Entra silenzioso, chiude la porta dietro sé. Ci guardiamo per un istante. Poi prendo coraggio e mi avvicino. Le mie mani trovano il suo volto; sento la barba ruvida sotto le dita. Lo bacio e lui risponde con passione. Mi accarezza la schiena, scendendo fino ai fianchi, poi mi stringe forte. Senza parole inizia a spogliarmi lentamente, accarezzando ogni centimetro del mio corpo come fosse un terreno sacro. Le sue dita sfiorano i miei seni, giocano con i capezzoli. Scende con le labbra lungo il collo, il petto, il ventre. Quando arriva alla mia figa sento un brivido di eccitazione.

Si stende a terra sul tappetino da yoga accanto al letto, e mi fa salire su di lui. Non ho mai amato stare sopra, mi sentivo inadeguata. Ma questa volta è diverso. I giorni in questo luogo mi hanno insegnato ad avere più consapevolezza e rispetto per il mio corpo e ad amarne ogni aspetto. Gli abbasso pantaloni e boxer e appoggio il suo cazzo duro sulla mia figa. Non voglio che mi penetri, non ancora.

Uso lentamente la punta del suo cazzo per masturbarmi, inumidendola tra le labbra. Non abbiamo fretta. Ho imparato che andando così si perde il meglio. Continuo a usare il suo cazzo per accarezzare il clitoride, disegnando cerchi concentrici prima, poi scorrendolo avanti e indietro. Il suo respiro si fa veloce; si gusta ogni attimo.

Non so quanto tempo sia passato. Sento che ora è tempo di cambiare posizione. Guida il suo cazzo dentro la mia figa delicatamente. Sono rilassata, pronta ad accoglierlo. È un momento di pura connessione. Lui mi afferra i fianchi e guida i miei movimenti. Senza parlare, cerchiamo di allineare respiri e movimenti. Inspiro, espiro, mentre il cazzo va dentro e fuori, più profondo a ogni ciclo.

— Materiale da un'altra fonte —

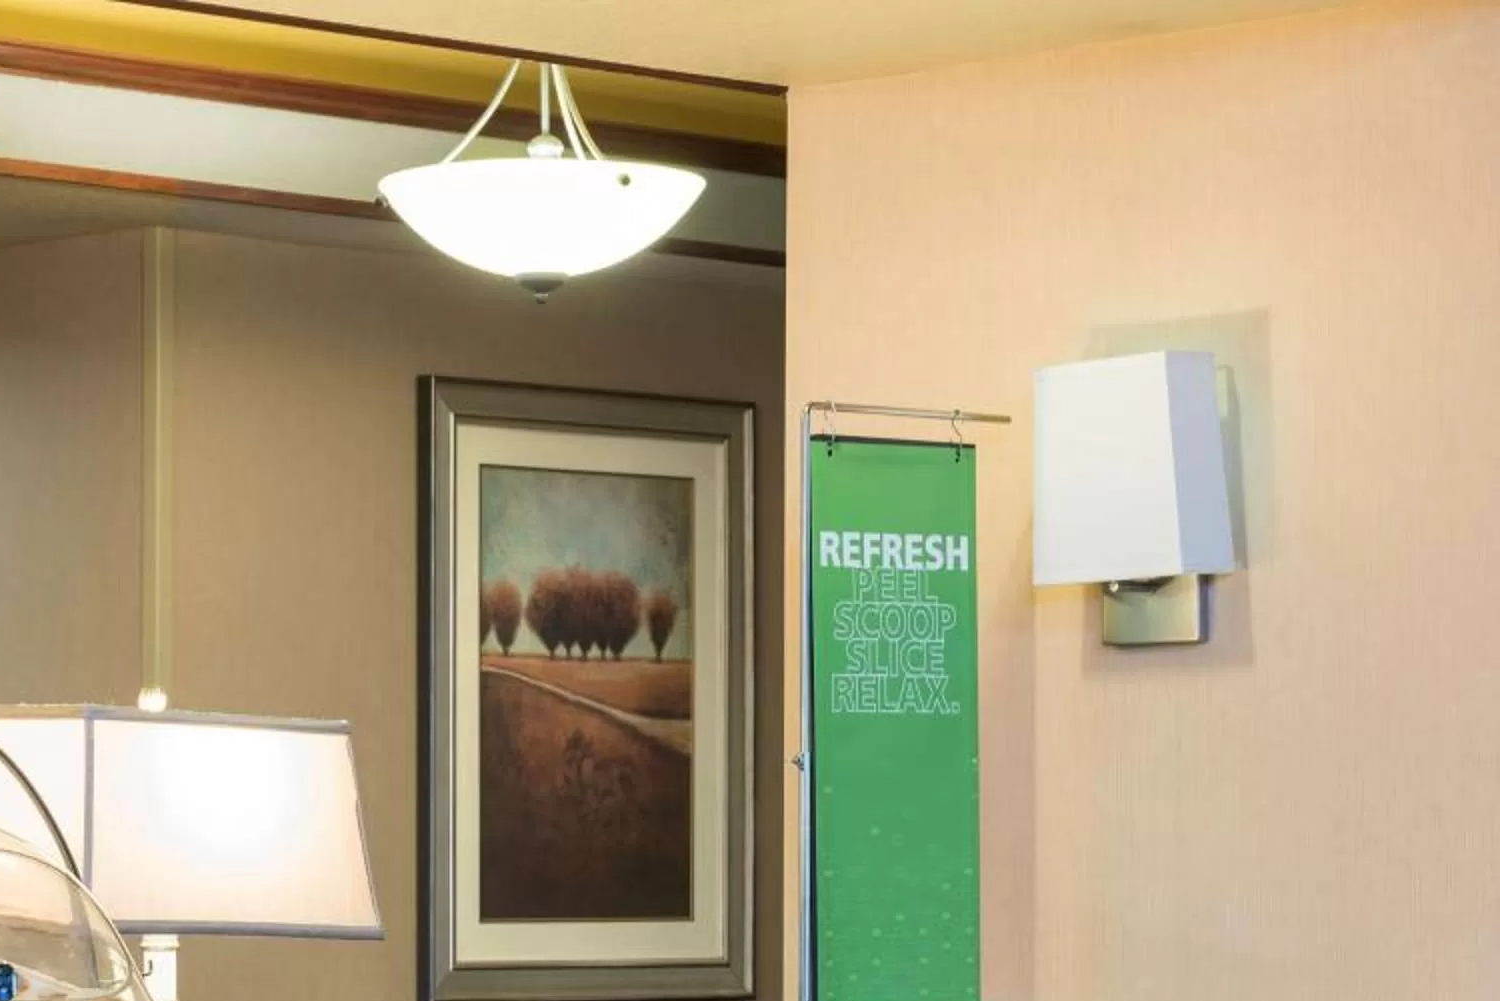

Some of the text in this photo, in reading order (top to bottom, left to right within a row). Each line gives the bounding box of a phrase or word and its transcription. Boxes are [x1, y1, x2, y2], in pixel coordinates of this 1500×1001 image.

[819, 530, 969, 572] REFRESH
[852, 566, 939, 604] PEEL
[833, 601, 957, 642] SCOOP
[846, 637, 945, 677] SLICE
[831, 673, 961, 714] RELAX.

Il piacere è amplificato dalla nostra presenza mentale, qui e ora. Ogni movimento è consapevole. La testa si gira, si fa leggera. È una sensazione che ho provato solo in alcune pratiche yoga, mai durante il sesso. Le sue mani afferrano i miei fianchi, guidano i miei movimenti. L’orgasmo è una scossa che si sprigiona dalla mia figa e riempie ogni parte del corpo, illuminandolo. Lascio andare la testa all’indietro e godo, cercando di sopprimere i gemiti.

Continuo a muovermi su di lui, avanti e indietro, cavalcandolo ed estendendo la durata del piacere. Poi lo sento irrigidirsi, inarca la schiena. Sento il suo seme caldo riempirmi. Mi tira a sé e mi abbraccia. L’orgasmo lo scuote. Restiamo così, a respirare uno contro l’altra finché i respiri tornano normali e si sincronizzano.

Mi alzo e mi rivesto lentamente. Lui mi guarda e sorride. Senza parole, esce dalla stanza, chiudendo la porta dietro di sé. Rimango sola, con un sorriso sulle labbra. Questo ritiro mi ha cambiata. Mi ha insegnato ad amare e accettare il mio corpo, in tutti suoi aspetti. Ma soprattutto mi ha insegnato l’importanza di essere presente in ciò che si fà, per goderselo davvero.